What needs to be done ::
Retype the data that follows line by line, exactly, and leave its pictures out.

Record excerpts ::

________

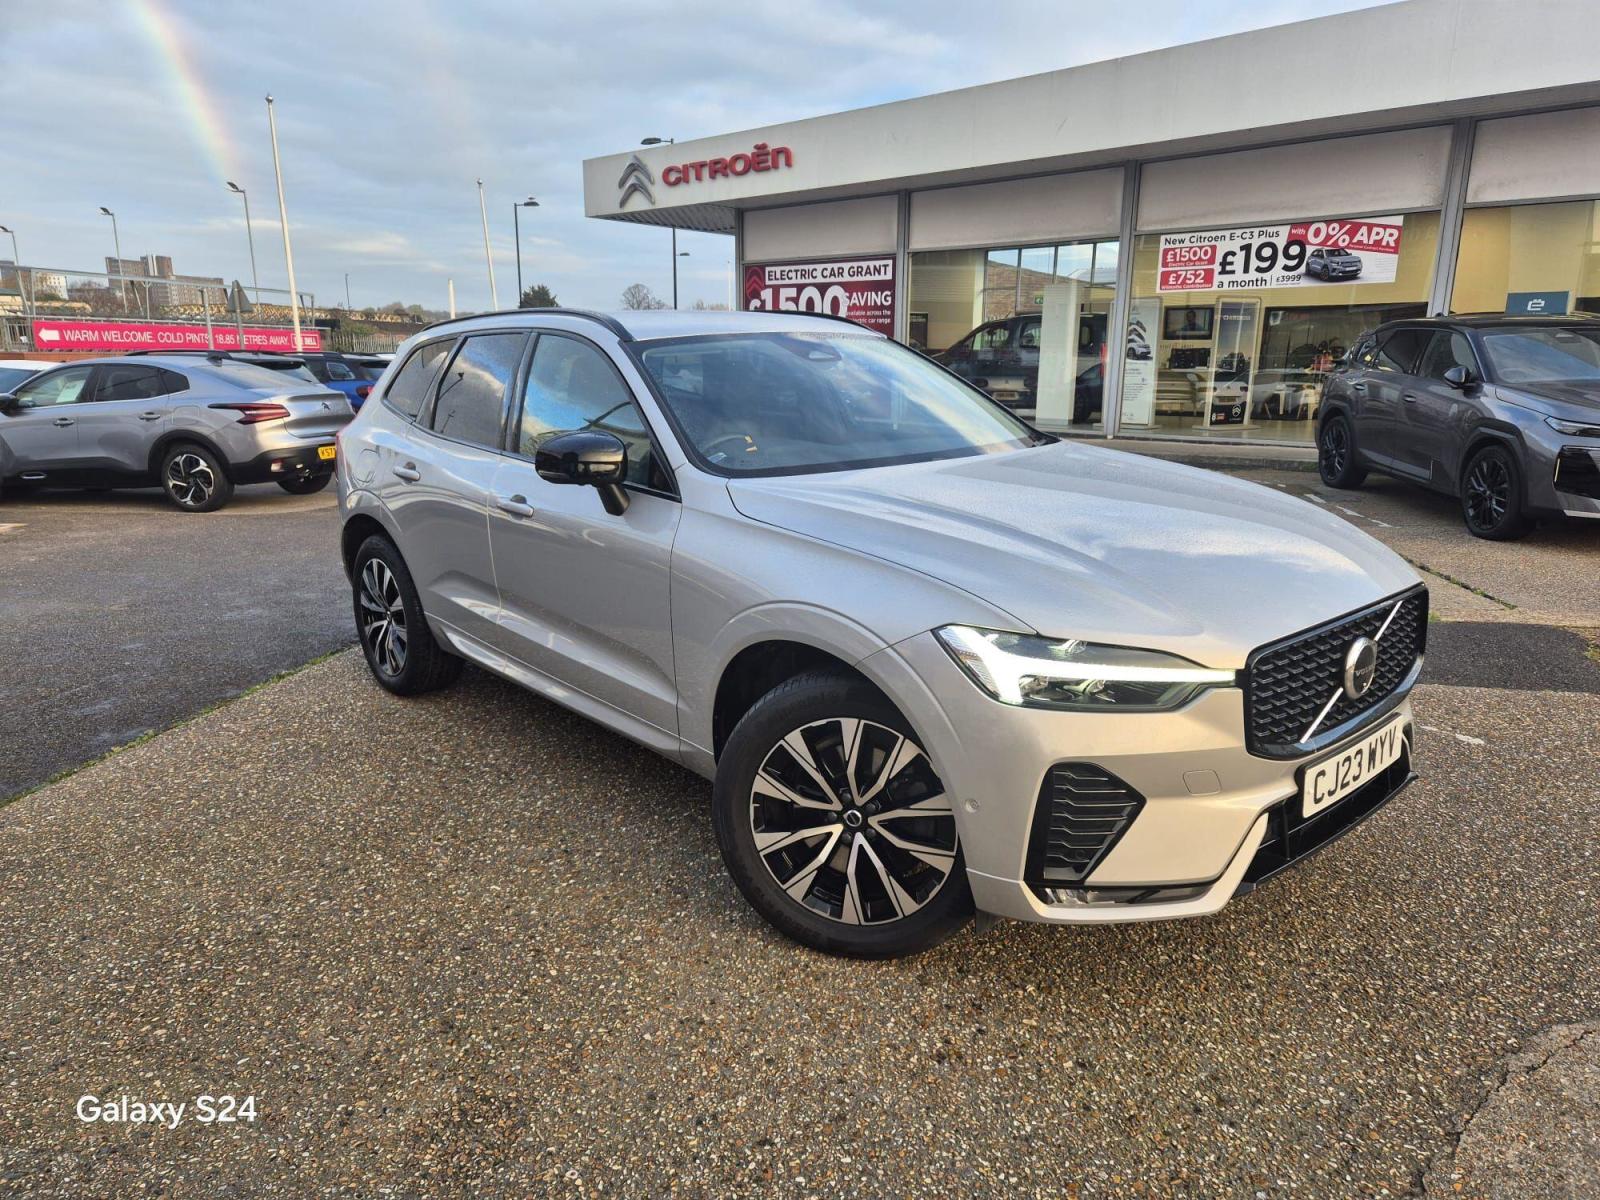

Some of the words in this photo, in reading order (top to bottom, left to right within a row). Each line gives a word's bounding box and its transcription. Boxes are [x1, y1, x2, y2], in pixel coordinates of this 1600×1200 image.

[1164, 237, 1186, 246] New
[1189, 234, 1226, 244] Citroen
[1229, 231, 1254, 240] E-C3
[1258, 228, 1280, 238] Plus
[1307, 222, 1352, 246] 0%
[1352, 225, 1399, 247] APR
[1166, 246, 1212, 262] £1500
[1218, 240, 1307, 275] £199
[767, 268, 818, 281] ELECTRIC
[821, 267, 844, 279] CAR
[847, 264, 890, 278] GRANT
[1168, 270, 1205, 285] £752
[1276, 274, 1302, 282] £3999
[1228, 276, 1267, 288] month
[844, 291, 892, 306] SAVING
[63, 329, 99, 341] WARM
[101, 330, 156, 343] WELCOME.
[157, 331, 183, 343] COLD
[215, 334, 235, 344] 18.85
[1313, 749, 1364, 805] CJ23
[1367, 725, 1397, 774] WYV

________

Response ::
Some of the words in this photo, in reading order (top to bottom, left to right within a row). Each line gives a word's bounding box and its transcription. Boxes are [x1, y1, x2, y2], in pixel coordinates of this 1600×1200 image.

[1164, 237, 1186, 246] New
[1189, 234, 1226, 244] Citroen
[1229, 231, 1254, 240] E-C3
[1258, 228, 1280, 238] Plus
[1307, 222, 1352, 246] 0%
[1352, 225, 1399, 247] APR
[1166, 246, 1212, 262] £1500
[1218, 240, 1307, 275] £199
[767, 268, 818, 281] ELECTRIC
[821, 267, 844, 279] CAR
[847, 264, 890, 278] GRANT
[1168, 270, 1205, 285] £752
[1276, 274, 1302, 282] £3999
[1228, 276, 1267, 288] month
[844, 291, 892, 306] SAVING
[63, 329, 99, 341] WARM
[101, 330, 156, 343] WELCOME.
[157, 331, 183, 343] COLD
[215, 334, 235, 344] 18.85
[1313, 749, 1364, 805] CJ23
[1367, 725, 1397, 774] WYV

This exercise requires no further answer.